[PROBLEM TO WORK ON]:
With the line containing "this 1920×1279 image." as the first line and the last line of the records as the final one, reproduce that range exactly.

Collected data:
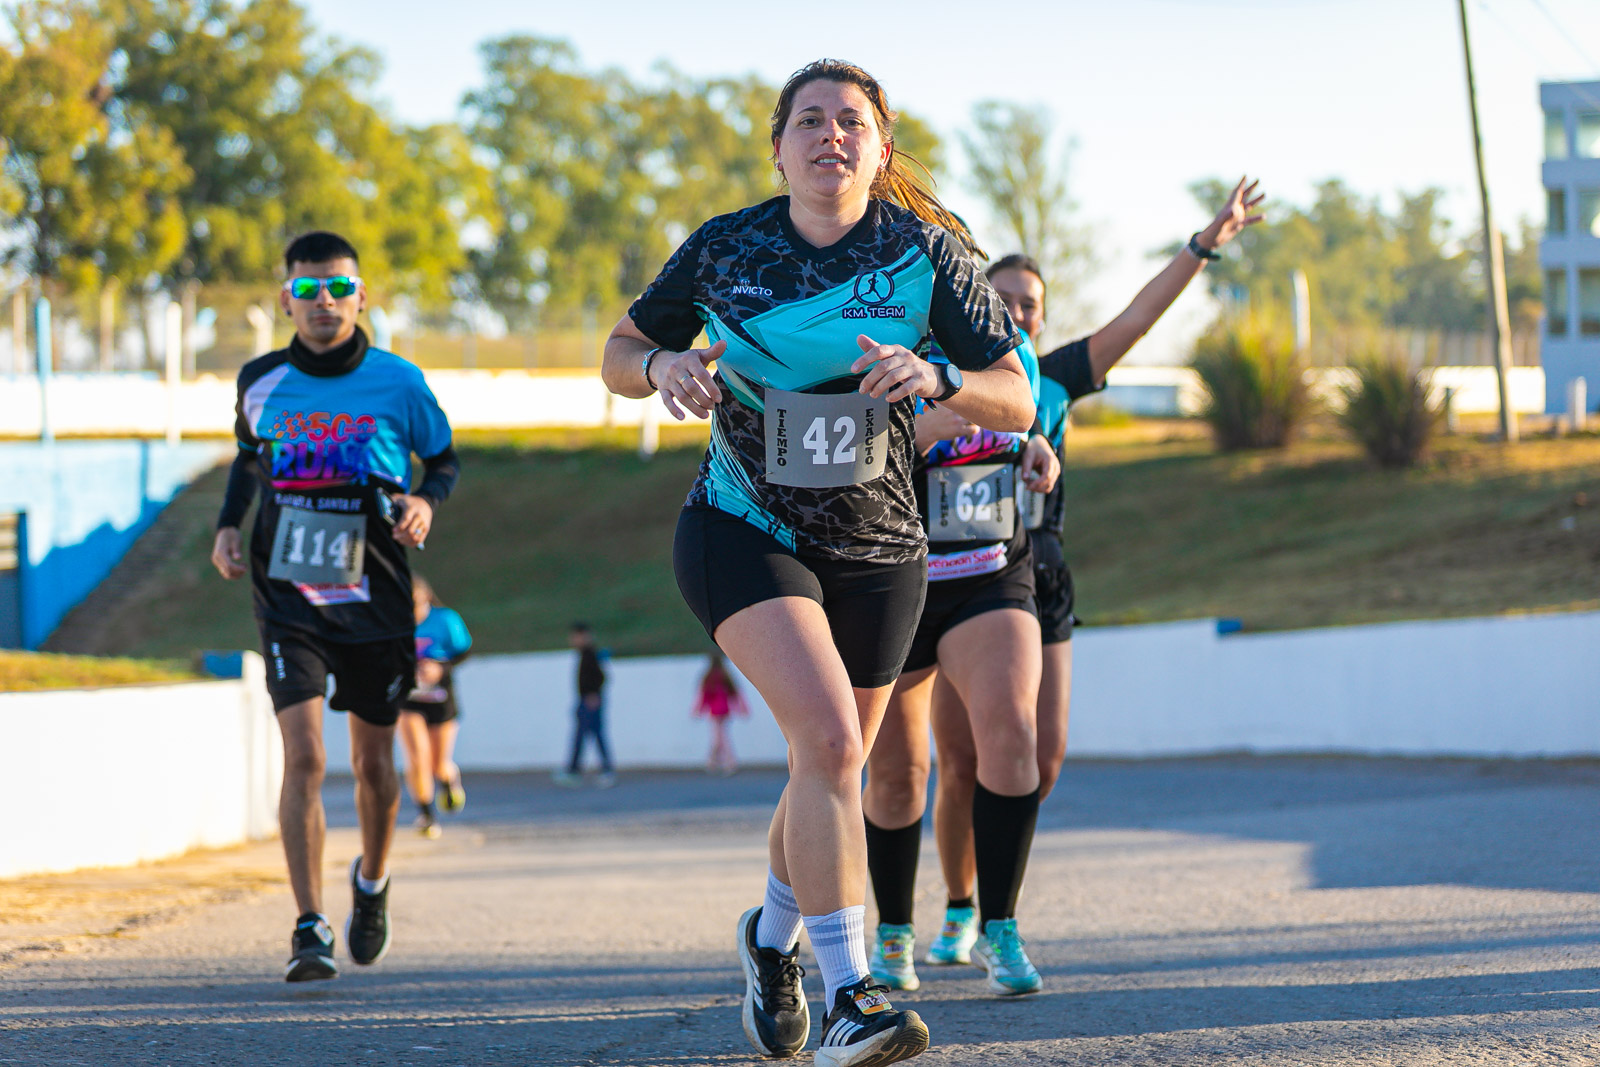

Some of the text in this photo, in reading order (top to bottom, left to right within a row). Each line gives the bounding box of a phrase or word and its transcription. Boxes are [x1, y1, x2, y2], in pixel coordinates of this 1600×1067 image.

[732, 285, 773, 297] INVICTO
[842, 305, 905, 319] KM. TEAM
[777, 408, 787, 467] TIEMPO
[802, 415, 856, 465] 42
[865, 407, 874, 465] EXACTO
[956, 481, 991, 522] 62
[288, 524, 348, 569] 114
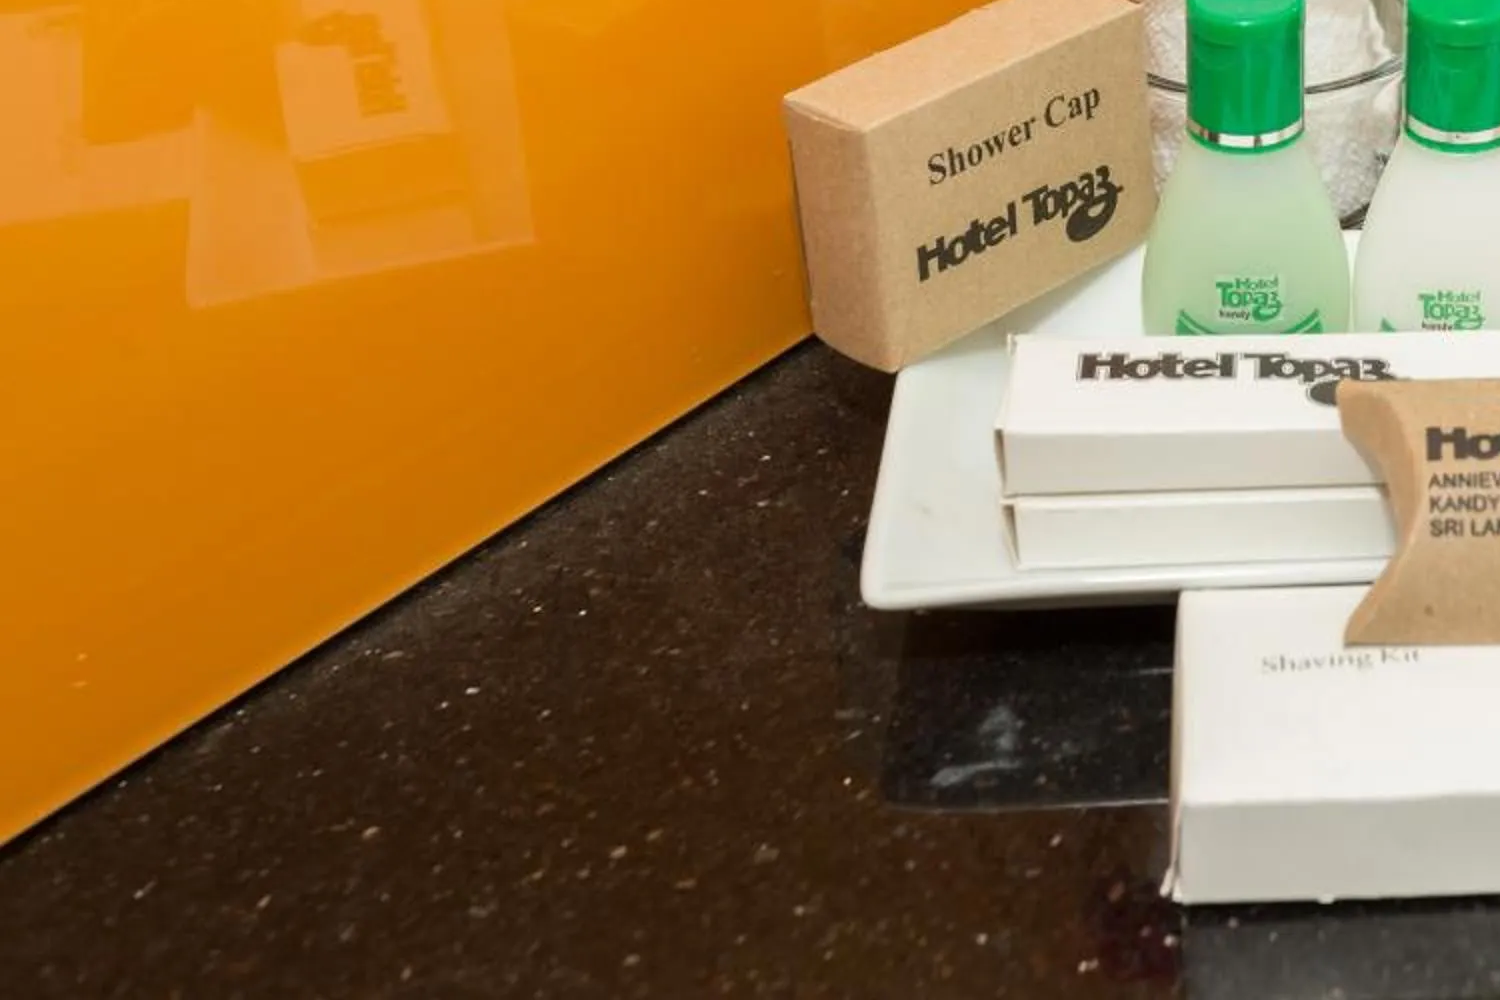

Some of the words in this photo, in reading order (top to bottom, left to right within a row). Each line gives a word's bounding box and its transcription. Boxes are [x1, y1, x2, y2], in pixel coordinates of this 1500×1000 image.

[927, 116, 1036, 187] Shower
[1044, 87, 1101, 129] Cap
[916, 203, 1018, 282] Hotel
[1022, 165, 1124, 243] Topaz
[1235, 275, 1279, 289] Hotel
[1437, 290, 1481, 302] Hotel
[1216, 281, 1283, 322] Topaz
[1418, 293, 1486, 330] Topaz
[1078, 352, 1239, 381] Hotel
[1429, 518, 1465, 538] SRI
[1261, 653, 1375, 675] Shaving
[1380, 648, 1420, 664] Kit
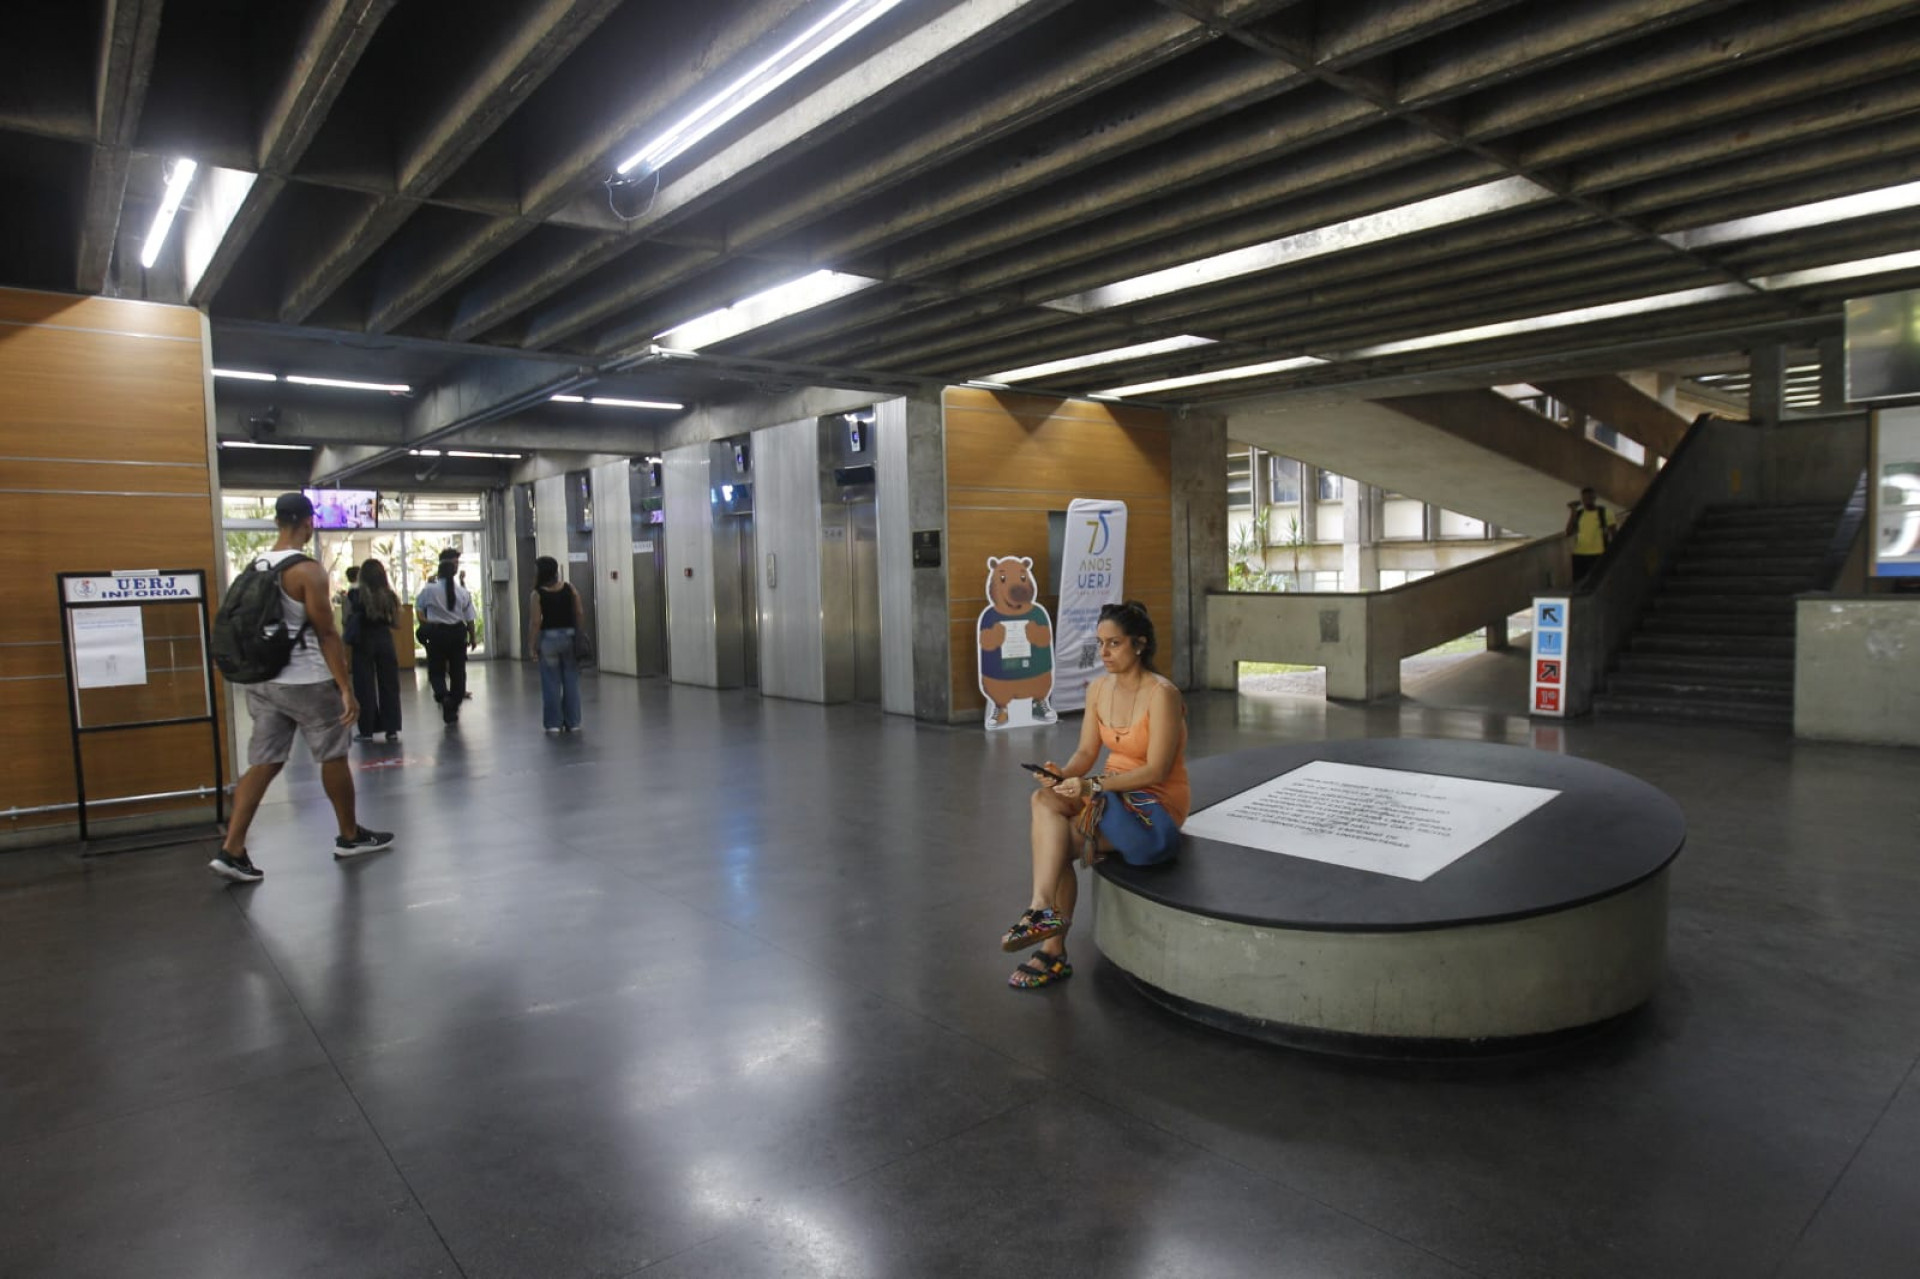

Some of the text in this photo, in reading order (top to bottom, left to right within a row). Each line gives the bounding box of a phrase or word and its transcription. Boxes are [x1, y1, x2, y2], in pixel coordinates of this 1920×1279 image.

[1086, 510, 1113, 555] 75
[1079, 558, 1113, 572] ANOS
[117, 577, 176, 589] UERJ
[1078, 574, 1111, 589] UERJ
[102, 588, 191, 598] INFORMA

[RESPONSE TO THIS TASK]:
Some of the text in this photo, in reading order (top to bottom, left to right within a row). Each line gives the bounding box of a phrase or word and its transcription. Boxes are [x1, y1, x2, y2], in pixel coordinates of this 1920×1279 image.

[1086, 510, 1113, 555] 75
[1079, 558, 1113, 572] ANOS
[117, 577, 176, 589] UERJ
[1078, 574, 1111, 589] UERJ
[102, 588, 191, 598] INFORMA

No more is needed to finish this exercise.